Details for the process of using the aggregation can be found in the following blog
3. Cache management
Cache can be managed at both the presentation server level and the BI server level. An intelligent cache management strategy can have serious impact on system performance
BI server query cache: BI server saves the query result set on the disk and fulfils the request from this result set. This result might become stale with updates on the database and hence it is important to sync the cache management strategy with the load of OLAP database from ETL processes.
Various mechanisms like event pooling tables, disabling the cache for physical tables, manually removing the cache entries and using ODBC-extension functions (which provide a lot of liberty for programming cache management) can be used for cache management of BI server.

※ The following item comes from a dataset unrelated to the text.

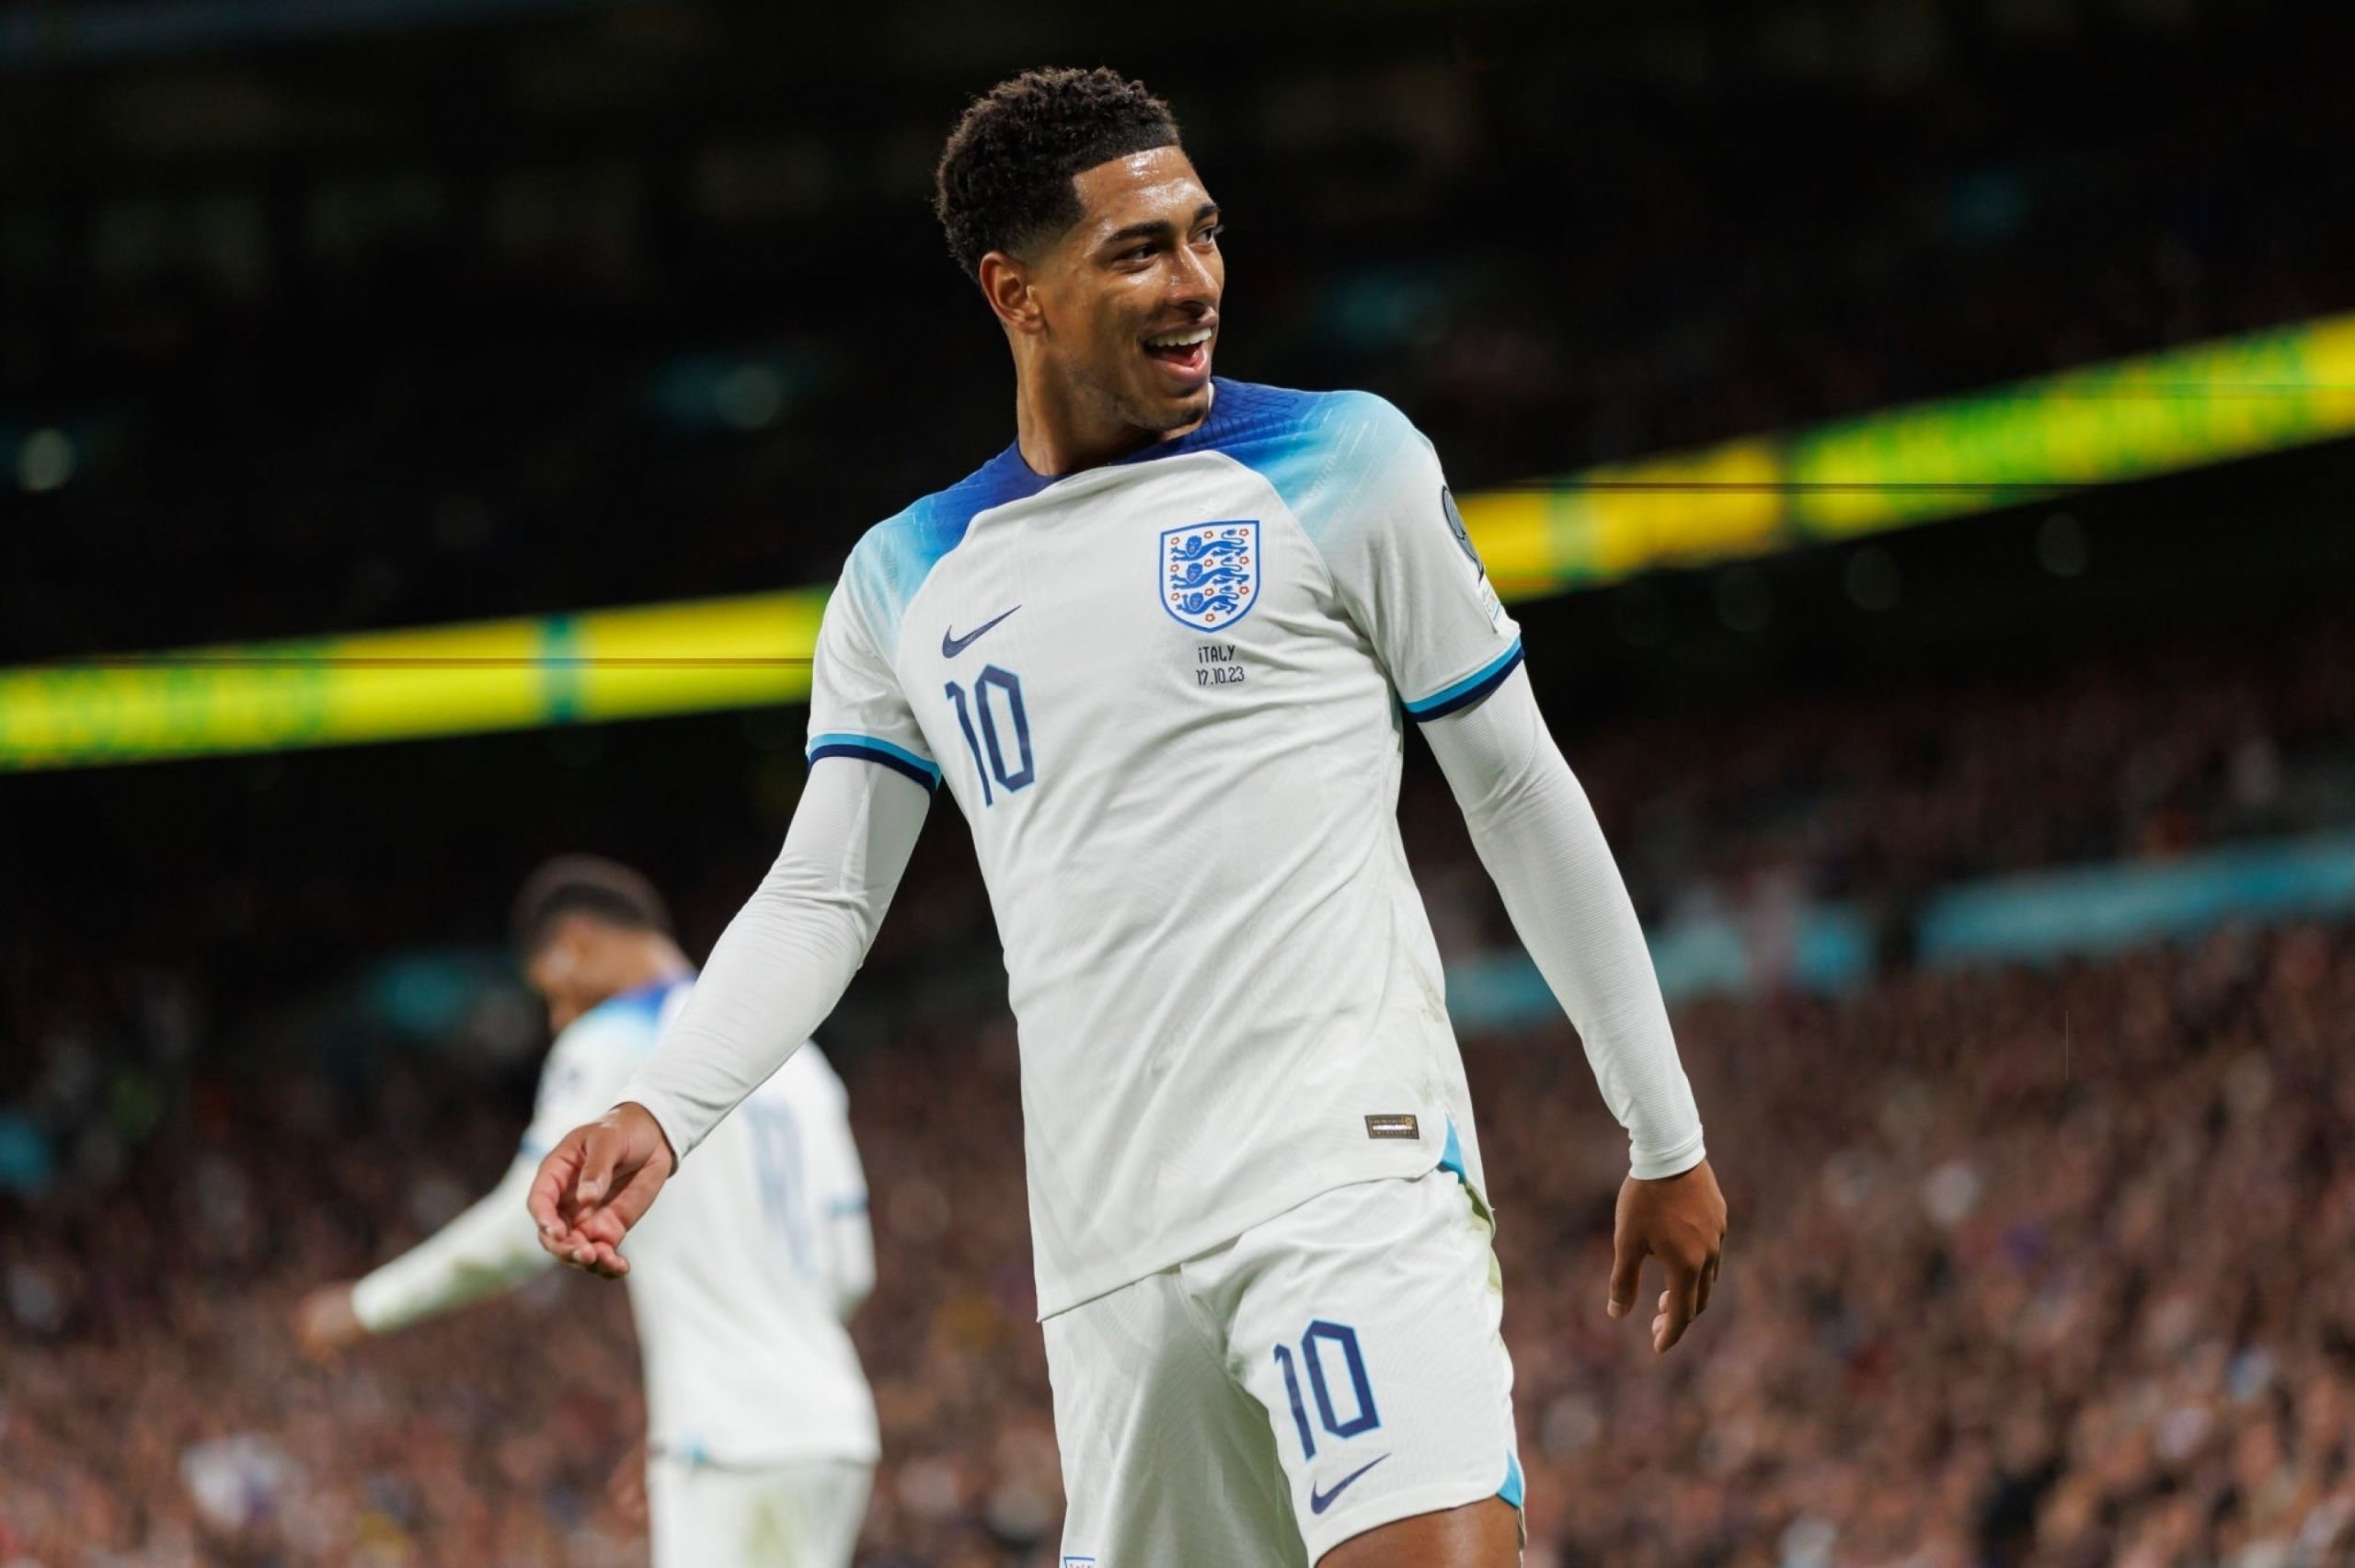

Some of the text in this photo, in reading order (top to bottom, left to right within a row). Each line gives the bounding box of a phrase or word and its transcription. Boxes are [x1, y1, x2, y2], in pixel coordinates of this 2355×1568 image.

Cache seeding is an important mechanism to load the cache with the result set so that subsequent queries will hit the cache instead of the database. It is important to note that if a cache hit will happen if the subsequent query requires a subset of the query in the cache. So it is an intelligent step to seed the cache with no filters selected. Delivers are one of the better options to seed cache because they can be scheduled at off peak hours.
Apart from the query cache in the BI server, there is a html cache in the presentation server. This cache also holds the charts that are generated in the result. These are sufficient parameters that can be configured in instanceconfig.xml file for this cache
4. Strategy to use the connection pools
Conn pools reduce the overhead of connecting to the database for every new request and also allow multiple concurrent requests
We must calculate the sessions that we will allow for a particular connection pool because if this threshold is reached and other connection pools to the same data source are not available then the users will have to wait for getting their requests handled. Again if this is set at a very high value then it might overload the underlying database and also of the BI server.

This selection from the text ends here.